There is always banter around the clubhouses during the competition — often about the scoring! — and, after the one-hour drive to the Diamond Coast, there was plenty more going on in the bar and restaurant that first night. Golfers come from everywhere for this tournament: Castlemartyr, Kilrush, Kanturk, Thurles and Nenagh golf clubs represent some of the southern constituency, but visitors also hail from the USA, Germany, the UK and even Australia.

Day two took us across the wilds of Mayo, passed the Nephin Beg Mountains to Belmullet, a village in the north west of the county.

It clings to the mainland by a narrow strip of land that looks like it might snap in the next storm.

The road to reach Belmullet and the mountainous links of Carne takes you through Ballina and then onto the N59, a wild road that weaves chaotically across captivating wilderness.

You are driving into the Gaeltacht and every hole at Carne bears an Irish name.

For me, Carne remains the essence of raw and natural links golf. Dunes rise 500 feet above sea level in such a jagged formation it looks as if they are tearing open the sky. And that torn sky let in the wind. We were well battered but, as my favourite golf course anywhere, I loved every second. We clambered up and down through the dunes, making our way out to the Atlantic and a couple of rocky islands which are the only things that stand between you and North America. The par three 14th sits here, alone. It is one of the most isolated holes in Ireland, playing above the dark rocks and ocean. Playing in front of us was Joe Stack, the RTÉ Sports presenter. He had never played Carne before and there were moments he looked overawed… standing on the 14th tee was one of them.

We drove back to the hotel for a late dinner and a couple of pints. We chatted to some fellow golfers, comparing notes and deliberated over favourite courses.

Everyone was in agreement that the ACC was a special event and it was apparent that we would all be back in 2018. I’d booked our 2018 tee time at Carne that very day and had been told that almost every tee time on our rotation was already booked.

Ronan’s favourite course was our final links. Enniscrone is beautiful, has heaving dunes almost as big as Carne, and is terrifying in places. I think it’s the toughest of the three and you need to be so smart around the greens. There are big slopes and sharp fall-offs, and going through the green is never a wise idea. There are blind shots and I imagine most first-time visitors feel like a punching bag by the end. The back nine is outstanding and holes 12 and 13 are two short par fours which qualify among the best holes in Ireland. The 13th is so blind it even has a traffic light system in place. I tip my hat to a fabulous course which is always in immaculate condition.

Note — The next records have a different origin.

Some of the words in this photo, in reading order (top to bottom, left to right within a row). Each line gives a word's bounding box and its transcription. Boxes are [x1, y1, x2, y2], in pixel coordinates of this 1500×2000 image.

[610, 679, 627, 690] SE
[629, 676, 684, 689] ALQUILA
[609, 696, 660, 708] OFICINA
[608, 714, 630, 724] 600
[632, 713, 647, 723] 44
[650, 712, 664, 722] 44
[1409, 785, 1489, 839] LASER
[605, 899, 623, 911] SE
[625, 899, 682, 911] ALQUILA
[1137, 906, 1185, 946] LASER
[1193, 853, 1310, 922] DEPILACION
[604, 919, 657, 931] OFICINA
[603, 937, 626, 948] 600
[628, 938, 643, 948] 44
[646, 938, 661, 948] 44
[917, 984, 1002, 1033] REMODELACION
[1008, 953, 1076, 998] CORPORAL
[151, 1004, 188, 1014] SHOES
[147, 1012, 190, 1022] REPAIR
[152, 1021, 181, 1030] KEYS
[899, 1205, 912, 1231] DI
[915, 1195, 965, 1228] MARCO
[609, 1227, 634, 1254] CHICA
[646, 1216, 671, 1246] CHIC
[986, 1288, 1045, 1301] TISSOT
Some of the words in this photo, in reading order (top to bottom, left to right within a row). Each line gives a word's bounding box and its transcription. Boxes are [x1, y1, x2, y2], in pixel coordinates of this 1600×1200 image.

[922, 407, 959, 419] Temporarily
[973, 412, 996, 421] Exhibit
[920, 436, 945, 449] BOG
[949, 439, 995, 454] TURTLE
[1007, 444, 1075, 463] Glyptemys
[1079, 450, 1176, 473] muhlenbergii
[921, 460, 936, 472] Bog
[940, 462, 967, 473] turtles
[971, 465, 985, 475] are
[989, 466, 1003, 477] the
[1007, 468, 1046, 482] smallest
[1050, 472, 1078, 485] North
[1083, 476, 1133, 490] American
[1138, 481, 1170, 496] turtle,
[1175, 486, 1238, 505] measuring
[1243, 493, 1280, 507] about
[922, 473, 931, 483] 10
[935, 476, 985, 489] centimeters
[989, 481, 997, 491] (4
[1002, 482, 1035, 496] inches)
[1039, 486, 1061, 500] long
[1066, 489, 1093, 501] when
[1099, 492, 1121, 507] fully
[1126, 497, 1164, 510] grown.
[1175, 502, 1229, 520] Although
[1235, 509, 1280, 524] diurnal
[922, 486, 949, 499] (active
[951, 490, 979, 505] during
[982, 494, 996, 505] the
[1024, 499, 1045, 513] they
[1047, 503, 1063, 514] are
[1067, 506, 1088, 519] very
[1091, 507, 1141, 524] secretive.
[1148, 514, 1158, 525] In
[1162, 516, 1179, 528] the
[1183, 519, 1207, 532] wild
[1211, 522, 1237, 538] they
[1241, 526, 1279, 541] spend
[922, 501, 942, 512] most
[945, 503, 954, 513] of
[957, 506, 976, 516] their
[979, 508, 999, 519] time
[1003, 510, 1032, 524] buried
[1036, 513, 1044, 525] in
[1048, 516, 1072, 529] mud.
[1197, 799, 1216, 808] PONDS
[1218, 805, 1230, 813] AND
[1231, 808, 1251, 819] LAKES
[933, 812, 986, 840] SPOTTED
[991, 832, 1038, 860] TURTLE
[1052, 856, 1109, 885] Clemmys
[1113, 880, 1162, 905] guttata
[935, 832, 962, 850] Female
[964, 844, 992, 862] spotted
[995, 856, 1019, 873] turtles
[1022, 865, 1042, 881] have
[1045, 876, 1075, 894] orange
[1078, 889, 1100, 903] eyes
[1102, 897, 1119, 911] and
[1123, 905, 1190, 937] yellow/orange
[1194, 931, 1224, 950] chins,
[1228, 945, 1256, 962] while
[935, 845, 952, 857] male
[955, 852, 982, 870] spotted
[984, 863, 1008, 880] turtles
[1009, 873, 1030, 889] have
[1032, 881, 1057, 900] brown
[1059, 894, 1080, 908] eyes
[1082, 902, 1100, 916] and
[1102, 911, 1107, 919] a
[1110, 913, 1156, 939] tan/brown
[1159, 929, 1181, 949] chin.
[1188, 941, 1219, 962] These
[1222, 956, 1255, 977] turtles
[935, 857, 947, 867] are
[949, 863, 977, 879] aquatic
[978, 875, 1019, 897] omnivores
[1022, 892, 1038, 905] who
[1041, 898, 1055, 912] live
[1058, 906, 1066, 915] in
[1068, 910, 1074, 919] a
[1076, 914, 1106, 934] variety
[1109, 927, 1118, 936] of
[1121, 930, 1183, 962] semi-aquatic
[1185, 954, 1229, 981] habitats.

Our day finished in the clubhouse where we ate lunch, discussed our summer plans and how much better we could have played. We mumbled about trying one of Ireland’s many other golfing challenges but we decided — as we do every year — that we like the Atlantic Coast Challenge too much. If it ain’t broke… For value, for golf, for fun and for friendship, you simply can’t beat this event.

2018 dates: Monday to Wednesday, July 9-11 (Entry Fee, €140 (Early Bird Rate).